"To hear the groaning of the prisoner; to loose them that are appointed to death" (Ps. 102:20).
There is also a grace of kind listening, as well as a grace of kind speaking. Some men listen with an abstracted air, which shows that their thoughts are elsewhere. Or they seem to listen, but by wide answers and irrelevant questions show that they have been occupied with their own thoughts, as being more interesting, at least in their own estimation, than what you have been saying. Some listen with a kind of impor-tunate ferocity which makes you feel that you are being put upon your trial, and that your auditor expects beforehand that you are going to tell him a be, or to be inaccurate, or to say something which he will disapprove, and that you must mind your expressions.

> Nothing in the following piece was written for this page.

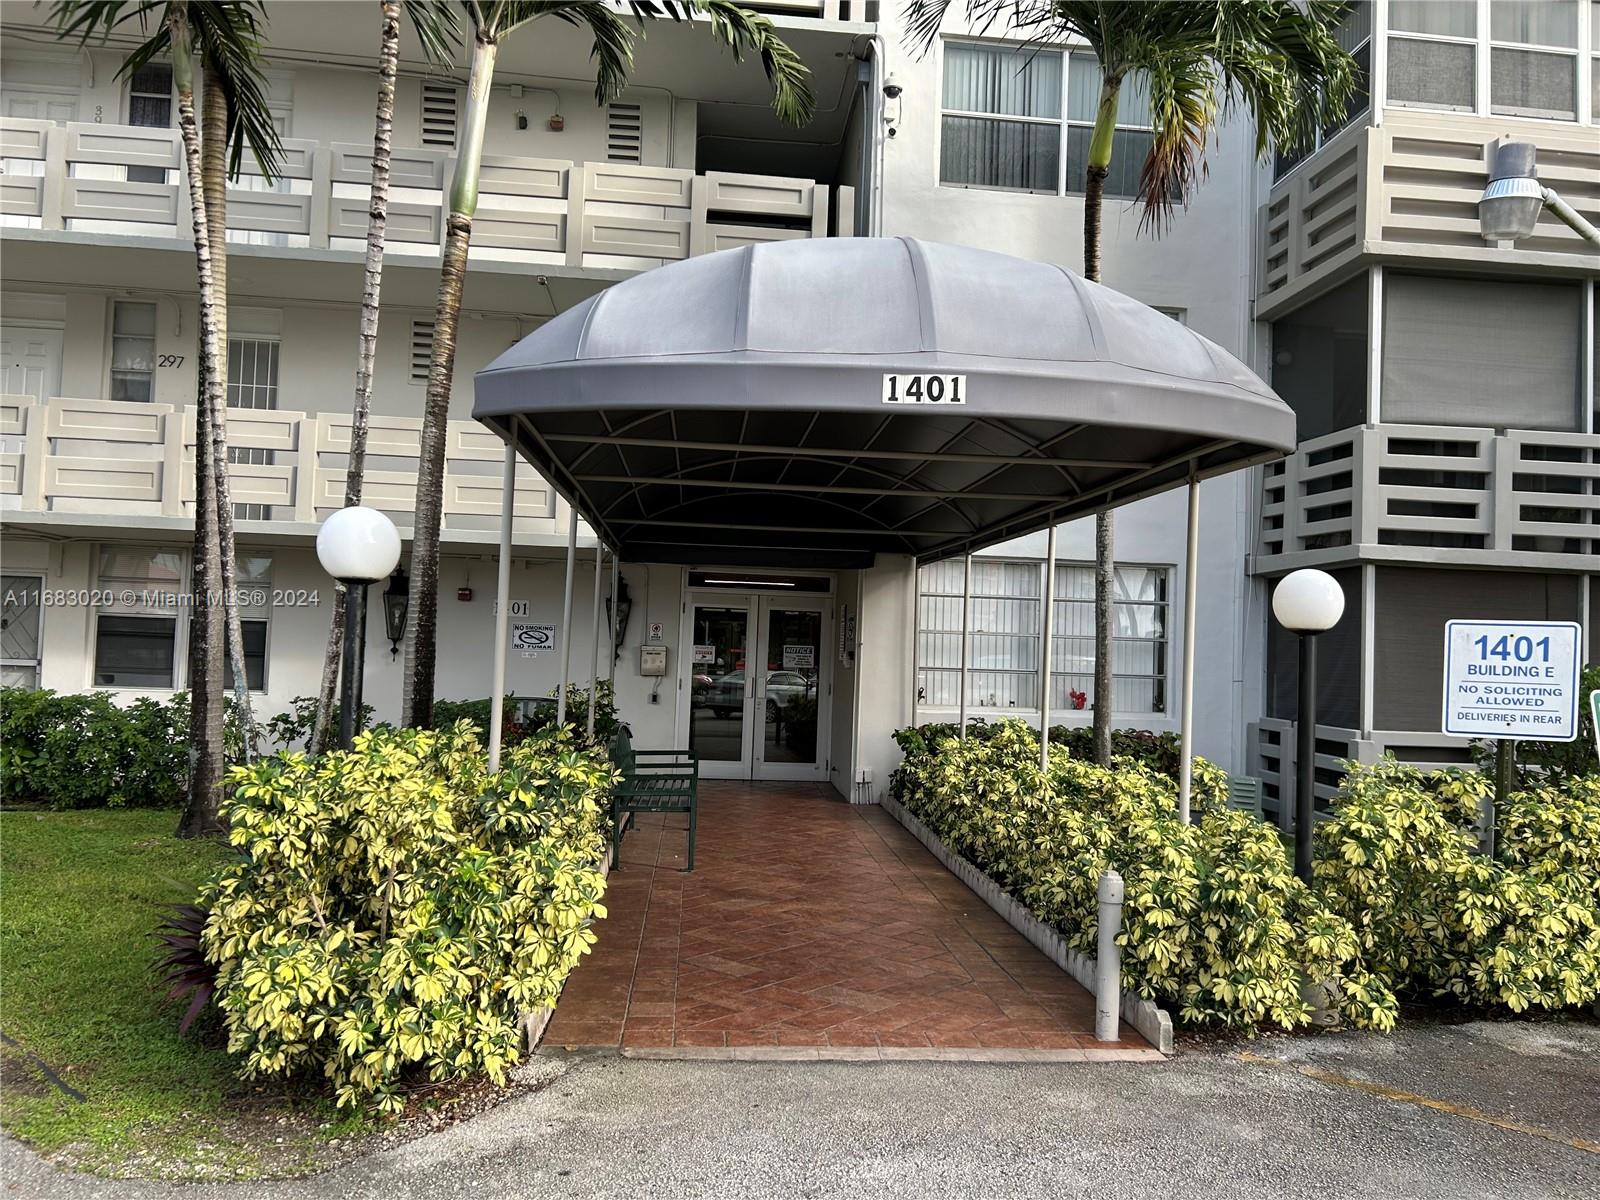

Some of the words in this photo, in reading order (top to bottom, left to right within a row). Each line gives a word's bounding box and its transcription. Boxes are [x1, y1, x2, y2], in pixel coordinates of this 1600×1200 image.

Some interrupt, and will not hear you to the end. Some hear you to the end, and then forthwith begin to talk to you about a similar experience which has befallen themselves, making your case only an illustration of their own. Some, meaning to be kind, listen with such a determined, lively, violent attention, that you are at once made uncomfortable, and the charm of conversation is at an end. Many persons, whose manners will stand the test of speaking, break down under the trial of listening. But all these things should be brought under the sweet influences of religion. Kind listening is often an act of the most delicate interior mortification, and is a great assistance towards kind speaking. Those who govern others must take care to be kind listeners, or else they will soon offend God, and fall into secret sins.